#### Supplied information

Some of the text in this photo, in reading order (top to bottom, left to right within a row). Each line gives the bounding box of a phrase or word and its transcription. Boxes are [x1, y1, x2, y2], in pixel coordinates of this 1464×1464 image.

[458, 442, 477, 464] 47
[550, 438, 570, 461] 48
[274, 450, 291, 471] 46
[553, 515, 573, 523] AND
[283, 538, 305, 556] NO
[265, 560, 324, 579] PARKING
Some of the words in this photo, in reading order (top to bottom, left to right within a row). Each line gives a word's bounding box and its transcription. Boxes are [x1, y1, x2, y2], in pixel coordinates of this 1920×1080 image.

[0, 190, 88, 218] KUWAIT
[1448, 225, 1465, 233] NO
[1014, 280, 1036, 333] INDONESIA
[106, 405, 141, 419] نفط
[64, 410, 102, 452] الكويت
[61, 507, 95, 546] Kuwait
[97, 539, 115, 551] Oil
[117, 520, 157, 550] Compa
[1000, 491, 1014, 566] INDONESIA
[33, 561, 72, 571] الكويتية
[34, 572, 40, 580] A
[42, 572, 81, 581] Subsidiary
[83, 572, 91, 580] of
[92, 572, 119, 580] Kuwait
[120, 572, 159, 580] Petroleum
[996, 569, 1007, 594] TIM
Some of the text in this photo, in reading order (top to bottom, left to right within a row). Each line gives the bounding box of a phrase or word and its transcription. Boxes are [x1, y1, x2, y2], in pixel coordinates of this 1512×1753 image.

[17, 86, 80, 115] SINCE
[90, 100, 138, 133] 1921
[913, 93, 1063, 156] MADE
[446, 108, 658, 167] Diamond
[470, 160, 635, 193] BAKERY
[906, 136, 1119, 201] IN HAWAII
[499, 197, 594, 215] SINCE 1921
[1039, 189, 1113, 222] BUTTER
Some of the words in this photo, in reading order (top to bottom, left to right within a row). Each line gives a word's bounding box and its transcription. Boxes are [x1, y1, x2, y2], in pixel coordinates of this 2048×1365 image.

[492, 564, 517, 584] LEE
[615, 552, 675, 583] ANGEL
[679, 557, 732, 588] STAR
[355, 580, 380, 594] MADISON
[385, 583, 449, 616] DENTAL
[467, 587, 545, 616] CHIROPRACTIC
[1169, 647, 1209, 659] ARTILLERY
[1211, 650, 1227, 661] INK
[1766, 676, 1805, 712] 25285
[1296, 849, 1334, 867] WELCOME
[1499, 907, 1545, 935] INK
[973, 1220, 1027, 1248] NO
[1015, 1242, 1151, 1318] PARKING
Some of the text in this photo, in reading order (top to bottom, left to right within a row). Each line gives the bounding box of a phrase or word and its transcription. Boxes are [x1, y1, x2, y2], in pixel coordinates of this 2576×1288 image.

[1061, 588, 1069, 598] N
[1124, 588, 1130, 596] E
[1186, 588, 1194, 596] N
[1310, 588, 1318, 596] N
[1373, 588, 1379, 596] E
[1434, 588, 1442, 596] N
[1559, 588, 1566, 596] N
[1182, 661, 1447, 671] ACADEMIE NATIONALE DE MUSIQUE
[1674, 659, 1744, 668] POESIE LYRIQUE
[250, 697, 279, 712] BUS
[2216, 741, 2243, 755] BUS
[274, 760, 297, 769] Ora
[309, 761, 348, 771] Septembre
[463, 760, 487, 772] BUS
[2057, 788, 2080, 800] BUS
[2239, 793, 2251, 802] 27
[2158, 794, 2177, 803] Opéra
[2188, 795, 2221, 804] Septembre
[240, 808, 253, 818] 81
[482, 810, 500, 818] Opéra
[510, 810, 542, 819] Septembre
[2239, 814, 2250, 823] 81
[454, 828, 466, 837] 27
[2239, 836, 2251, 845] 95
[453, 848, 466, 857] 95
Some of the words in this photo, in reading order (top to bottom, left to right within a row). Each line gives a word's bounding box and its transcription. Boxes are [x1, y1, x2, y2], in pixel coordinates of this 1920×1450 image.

########

[What you will do]
Your response needs to restate the lines above exactly.

[Task output]
Some of the text in this photo, in reading order (top to bottom, left to right within a row). Each line gives the bounding box of a phrase or word and its transcription. Boxes are [x1, y1, x2, y2], in pixel coordinates of this 1464×1464 image.

[458, 442, 477, 464] 47
[550, 438, 570, 461] 48
[274, 450, 291, 471] 46
[553, 515, 573, 523] AND
[283, 538, 305, 556] NO
[265, 560, 324, 579] PARKING
Some of the words in this photo, in reading order (top to bottom, left to right within a row). Each line gives a word's bounding box and its transcription. Boxes are [x1, y1, x2, y2], in pixel coordinates of this 1920×1080 image.

[0, 190, 88, 218] KUWAIT
[1448, 225, 1465, 233] NO
[1014, 280, 1036, 333] INDONESIA
[106, 405, 141, 419] نفط
[64, 410, 102, 452] الكويت
[61, 507, 95, 546] Kuwait
[97, 539, 115, 551] Oil
[117, 520, 157, 550] Compa
[1000, 491, 1014, 566] INDONESIA
[33, 561, 72, 571] الكويتية
[34, 572, 40, 580] A
[42, 572, 81, 581] Subsidiary
[83, 572, 91, 580] of
[92, 572, 119, 580] Kuwait
[120, 572, 159, 580] Petroleum
[996, 569, 1007, 594] TIM
Some of the text in this photo, in reading order (top to bottom, left to right within a row). Each line gives the bounding box of a phrase or word and its transcription. Boxes are [x1, y1, x2, y2], in pixel coordinates of this 1512×1753 image.

[17, 86, 80, 115] SINCE
[90, 100, 138, 133] 1921
[913, 93, 1063, 156] MADE
[446, 108, 658, 167] Diamond
[470, 160, 635, 193] BAKERY
[906, 136, 1119, 201] IN HAWAII
[499, 197, 594, 215] SINCE 1921
[1039, 189, 1113, 222] BUTTER
Some of the words in this photo, in reading order (top to bottom, left to right within a row). Each line gives a word's bounding box and its transcription. Boxes are [x1, y1, x2, y2], in pixel coordinates of this 2048×1365 image.

[492, 564, 517, 584] LEE
[615, 552, 675, 583] ANGEL
[679, 557, 732, 588] STAR
[355, 580, 380, 594] MADISON
[385, 583, 449, 616] DENTAL
[467, 587, 545, 616] CHIROPRACTIC
[1169, 647, 1209, 659] ARTILLERY
[1211, 650, 1227, 661] INK
[1766, 676, 1805, 712] 25285
[1296, 849, 1334, 867] WELCOME
[1499, 907, 1545, 935] INK
[973, 1220, 1027, 1248] NO
[1015, 1242, 1151, 1318] PARKING
Some of the text in this photo, in reading order (top to bottom, left to right within a row). Each line gives the bounding box of a phrase or word and its transcription. Boxes are [x1, y1, x2, y2], in pixel coordinates of this 2576×1288 image.

[1061, 588, 1069, 598] N
[1124, 588, 1130, 596] E
[1186, 588, 1194, 596] N
[1310, 588, 1318, 596] N
[1373, 588, 1379, 596] E
[1434, 588, 1442, 596] N
[1559, 588, 1566, 596] N
[1182, 661, 1447, 671] ACADEMIE NATIONALE DE MUSIQUE
[1674, 659, 1744, 668] POESIE LYRIQUE
[250, 697, 279, 712] BUS
[2216, 741, 2243, 755] BUS
[274, 760, 297, 769] Ora
[309, 761, 348, 771] Septembre
[463, 760, 487, 772] BUS
[2057, 788, 2080, 800] BUS
[2239, 793, 2251, 802] 27
[2158, 794, 2177, 803] Opéra
[2188, 795, 2221, 804] Septembre
[240, 808, 253, 818] 81
[482, 810, 500, 818] Opéra
[510, 810, 542, 819] Septembre
[2239, 814, 2250, 823] 81
[454, 828, 466, 837] 27
[2239, 836, 2251, 845] 95
[453, 848, 466, 857] 95
Some of the words in this photo, in reading order (top to bottom, left to right within a row). Each line gives a word's bounding box and its transcription. Boxes are [x1, y1, x2, y2], in pixel coordinates of this 1920×1450 image.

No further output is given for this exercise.